Joseph Hanks was born December 20, 1725, in North Farnham Parish, Richmond County, Virginia - the Northern Neck country between the Potomac and the Rappahannock. His mother Catherine Hanks died in 1779. As executor of her will, Joseph inherited money from her estate, and that capital made the next move possible. By 1781 the Hanks family had relocated to a tract between the forks of Mike's Run off Patterson's Creek in Hampshire County, Virginia. The land had just become available with what one record described as cheap prices, proper surveys, and clear titles - the kind of arrangement that drew tenant farmers westward in the post-Revolution land rush. The 1782 Hampshire County census records eleven white people in the Hanks household: Joseph, Ann, and nine children, including a daughter named Lucy.

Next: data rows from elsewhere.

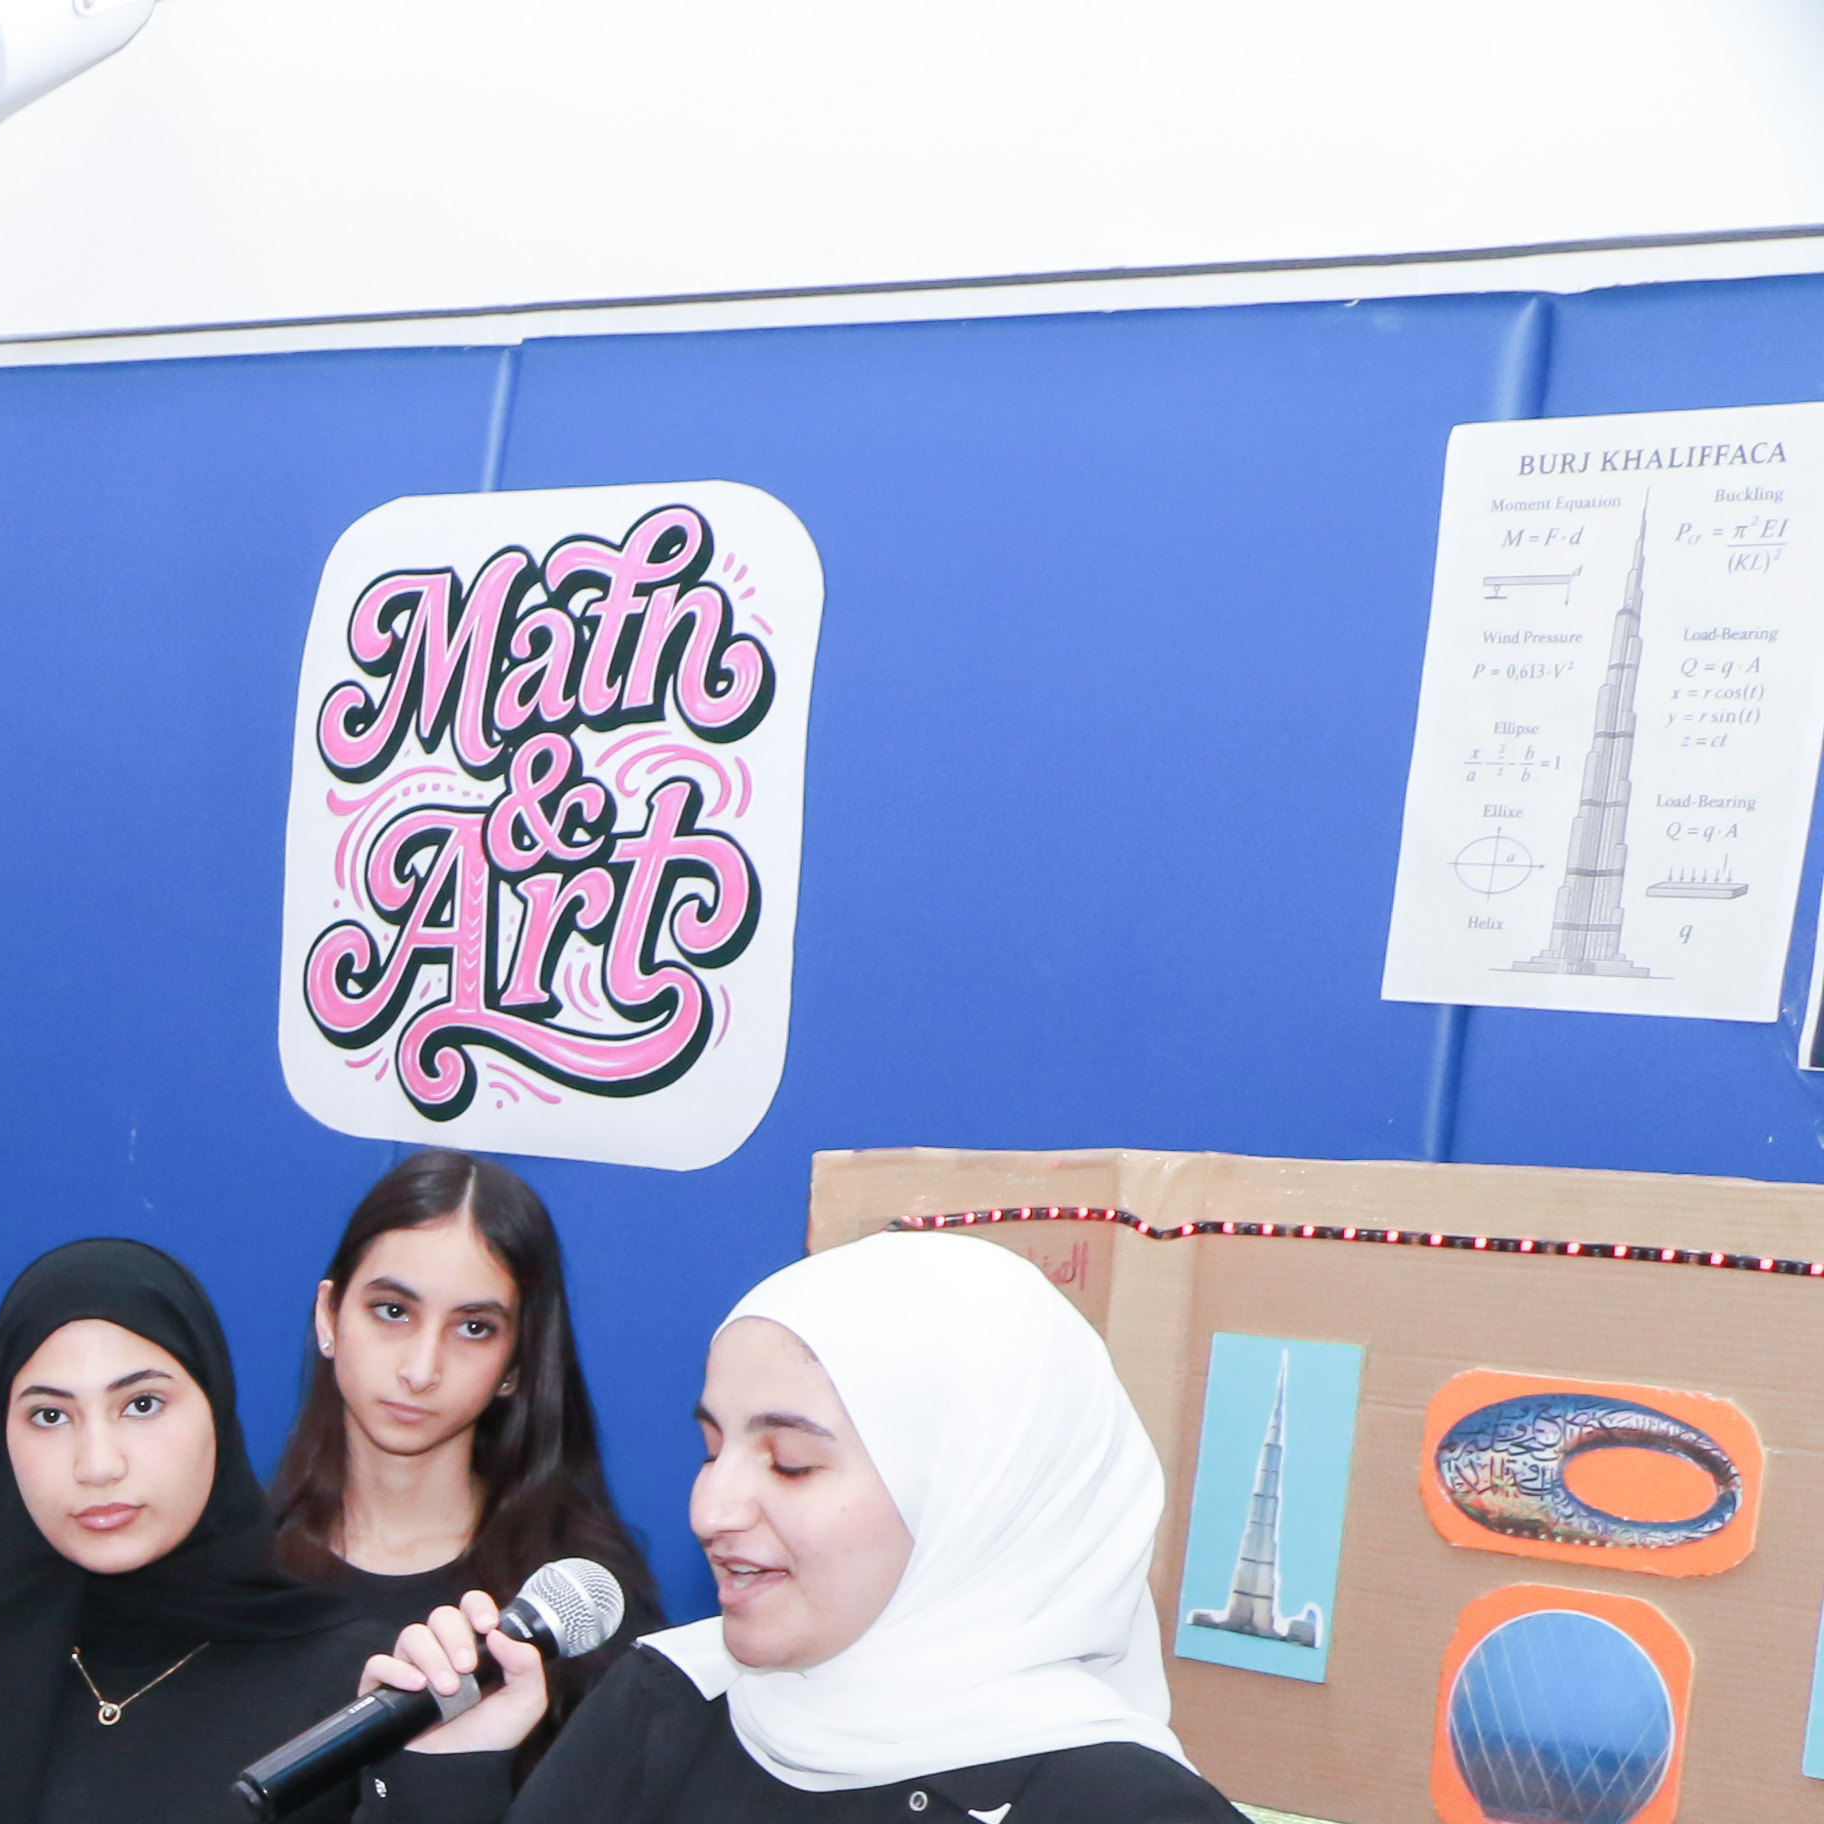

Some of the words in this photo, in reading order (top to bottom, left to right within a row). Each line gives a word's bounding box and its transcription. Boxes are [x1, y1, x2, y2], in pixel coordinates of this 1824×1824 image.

[1518, 450, 1589, 477] BURJ
[1600, 441, 1789, 473] KHALIFFACA
[1490, 497, 1551, 513] Moment
[1555, 494, 1622, 511] Equation
[1715, 487, 1785, 504] Buckling
[317, 504, 775, 783] Math
[1483, 630, 1520, 644] Wind
[1523, 630, 1583, 645] Pressure
[1682, 627, 1779, 643] Load-Bearing
[1493, 722, 1539, 736] Ellipse
[1656, 794, 1757, 812] Load-Bearing
[1468, 917, 1504, 931] Helix
[304, 777, 761, 1122] Art

Two years later, in March 1784, Joseph Hanks sold his Hampshire County property under a mortgage arrangement and packed up the family for Kentucky. The route was the Wilderness Road - the trail Daniel Boone had marked through the Cumberland Gap - and the Hanks were part of the great post-Revolution surge of white settlers into the Bluegrass. With Joseph and Ann came eight of the children and a granddaughter named Nancy. The family eventually purchased land in February 1787, about two miles north of the mouth of Pottinger's Creek where it meets the Rolling Fork in Nelson County. The settlement was sometimes called Rolling Fork, sometimes Pottinger's Creek, after Samuel Pottinger, a Revolutionary War soldier who had built one of the protective stations of early Bardstown a few years earlier. The Hanks family farmed the land there until Joseph's death in 1793.

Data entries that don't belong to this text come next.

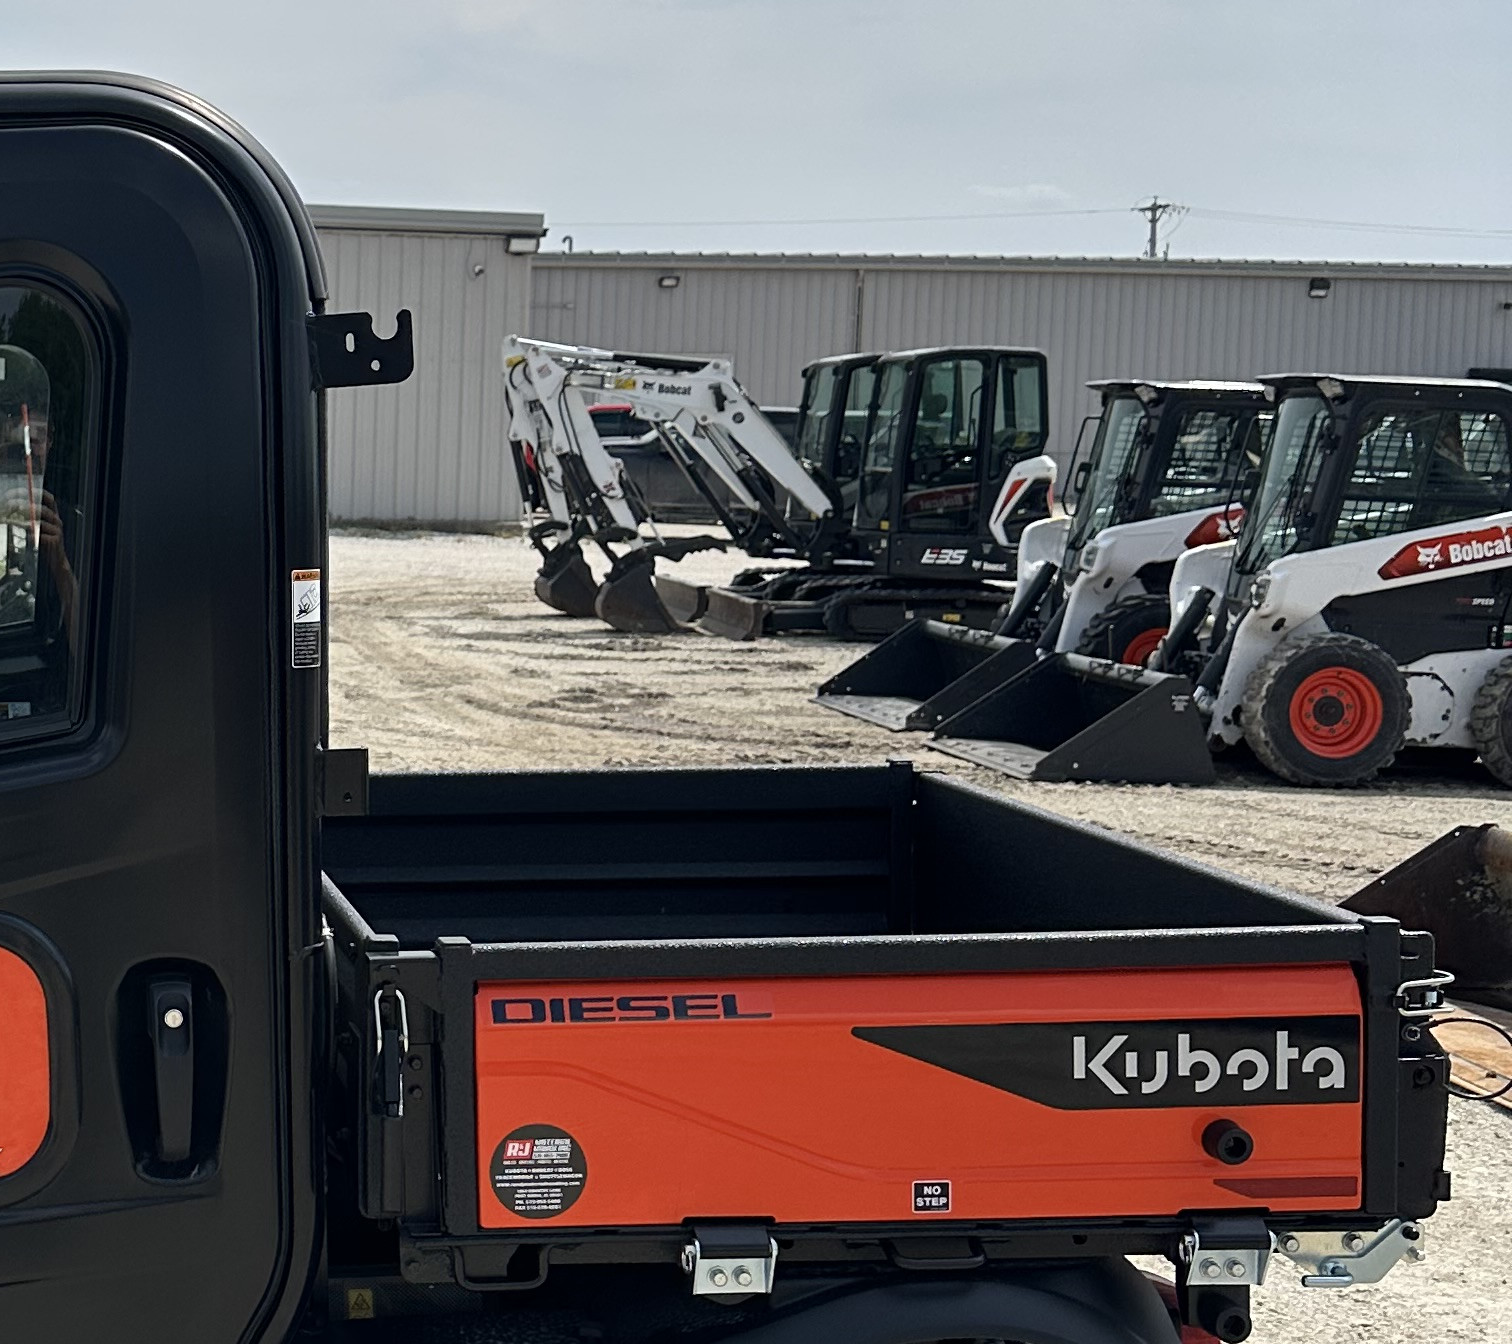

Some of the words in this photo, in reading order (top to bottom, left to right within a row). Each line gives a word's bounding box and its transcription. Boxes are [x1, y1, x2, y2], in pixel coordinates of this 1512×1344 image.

[1449, 534, 1512, 564] Bobcat
[491, 994, 773, 1024] DIESEL
[1073, 1030, 1346, 1095] Kubota
[916, 1196, 948, 1207] STEP
[923, 1185, 942, 1196] NO

Joseph Hanks's children and grandchildren shaped Abraham Lincoln's youth in ways that are hard to overstate. Joseph's daughter Lucy Hanks was the mother of Nancy Hanks, who in turn married Thomas Lincoln and gave birth to Abraham. Joseph's daughter Elizabeth - Betsy Hanks Sparrow - assisted at Abraham Lincoln's birth and lived near the Lincoln family in both Kentucky and Indiana; young Abraham knew her as Granny before learning she was actually his great-aunt. Joseph's son Joseph Hanks Jr. is believed by some historians to have taught Thomas Lincoln the carpentry trade in Hardin County, Kentucky. Joseph's grandson Dennis Hanks lived with the Lincolns in Thomas Lincoln's home in Indiana. Another grandson, John Hanks, lived in the Lincoln household, took a flatboat trip down the Sangamon and Mississippi with the young Abraham in 1831, urged the family to move to Illinois, and worked as Abraham's rail-splitting partner - a partnership that later became central to Lincoln's 1860 campaign image.
Joseph Hanks's 1793 will gave the home and property to his wife Ann for her lifetime, and then to their youngest son Joseph Jr. But Ann decided to return to her familiar country. In 1794 she and Joseph Jr. sold the Rolling Fork land to her older son William, and Ann went back to Farnham parish in Virginia, where she died. The granddaughter Nancy who had walked west with the family in 1784 - the future Nancy Hanks Lincoln - went to live with her mother Lucy. The Kentucky property that the Hanks family had cleared and farmed for less than a decade was bought by Zachariah Riney. After Nancy Hanks married Thomas Lincoln and bore Abraham, Riney would go on to teach Abraham at the Knob Creek school. The threads of the family that began in colonial Virginia, paused in what is now West Virginia, and wound across Kentucky and Indiana all converged on the cabin where, in February 1809, Abraham Lincoln was born.
The Hanks family's Hampshire County, Virginia tract is located near 39.29 degrees north, 79.07 degrees west, on Patterson's Creek in what is now Mineral County, West Virginia. From 4,000 to 6,000 feet AGL the Patterson's Creek valley runs as a tributary corridor parallel to the North Branch Potomac River, between low forested ridges. Nearest airports include Mineral County (W99) at Keyser and Greater Cumberland Regional (KCBE).